What to include in a pitch deck?

  1. Title slide

  2. Introduction

  3. Problem

  4. Solution

  5. Market size and opportunity

  6. Business and revenue model

  7. Traction and validation

  8. Marketing/growth strategy

  9. Team

  10. Financials

  11. Investment and use of funds

Read detailed breakdown further down ⤵

99% of pitch decks fail. Are you any different?

On average investor spend 10-20 seconds assessing a pitch deck. And if your deck does not include the info they're looking for, investors will simply disqualify you.

We’ve analyzed over 100,000 pitch deck sessions and ended up with basic slides that hold the information investors want to get.

If you include these slides in your pitch deck, and apply my advice on how to build them, you’ll make a top 1% pitch deck, and earn a good chance of getting funded.

Let’s go!

“The best pitch decks don't feel like they were created for the benefit of venture capitalists. They feel like an outgrowth of the work the startup is already doing.”

— Michael Wolfe
Startup founder, entrepreneur, and investor

amotz harari - head of marketing at storydoc

How to structure your pitch deck as a narrative?
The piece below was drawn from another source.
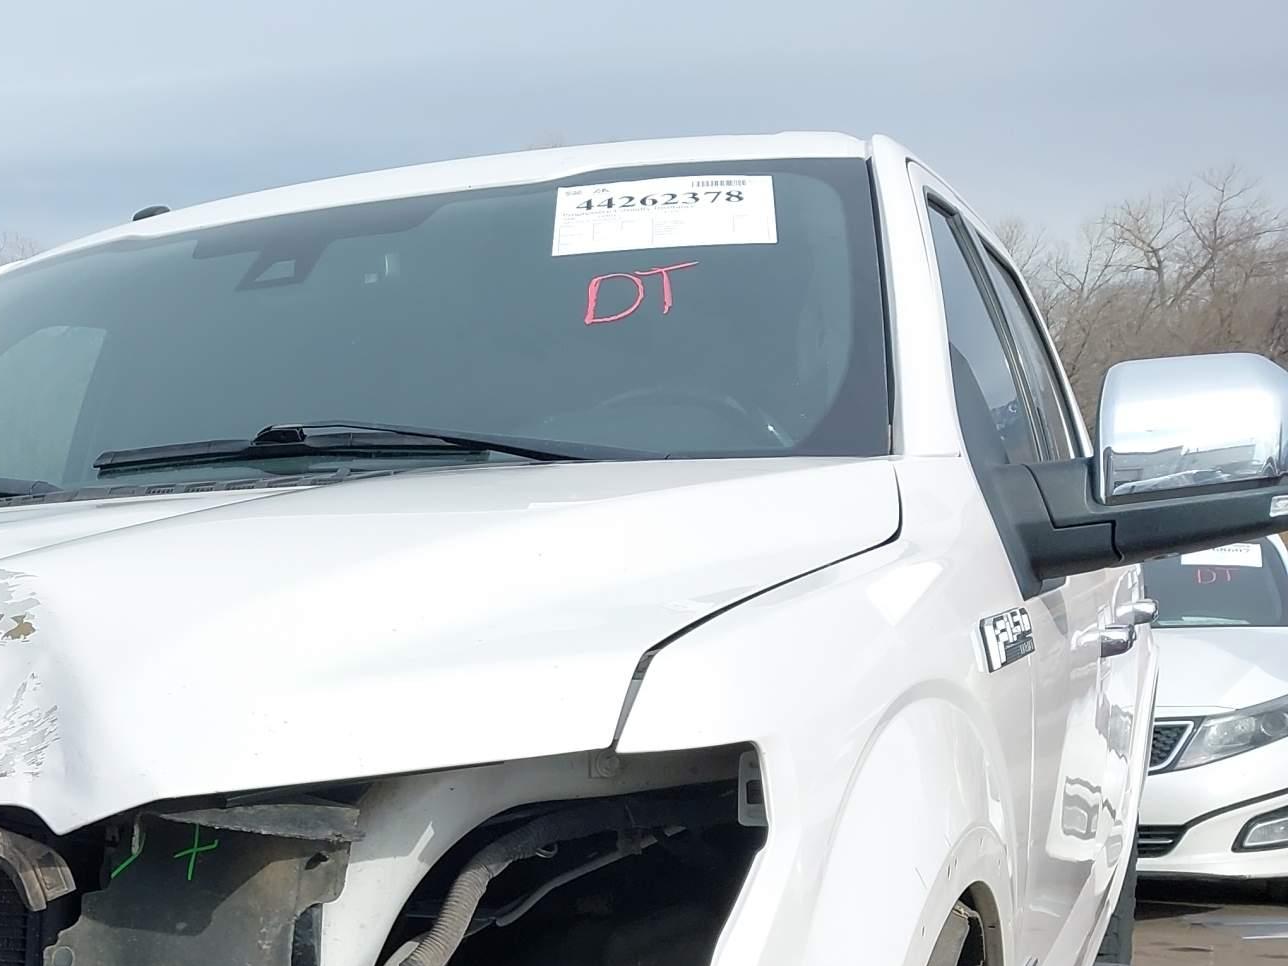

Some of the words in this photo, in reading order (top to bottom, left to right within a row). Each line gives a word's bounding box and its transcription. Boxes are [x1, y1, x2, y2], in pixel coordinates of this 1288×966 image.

AIf you hope to grab attention and win hearts and minds your pitch deck better be structured in the form of a narrative presentation.

Why? Because humans think in stories, and this applies to investors too.

To get investors interested and get them to care, your pitch deck must follow a story framework that conveys all the necessary information, but in a way that’s fun and easy to follow. AKA a narrative deck.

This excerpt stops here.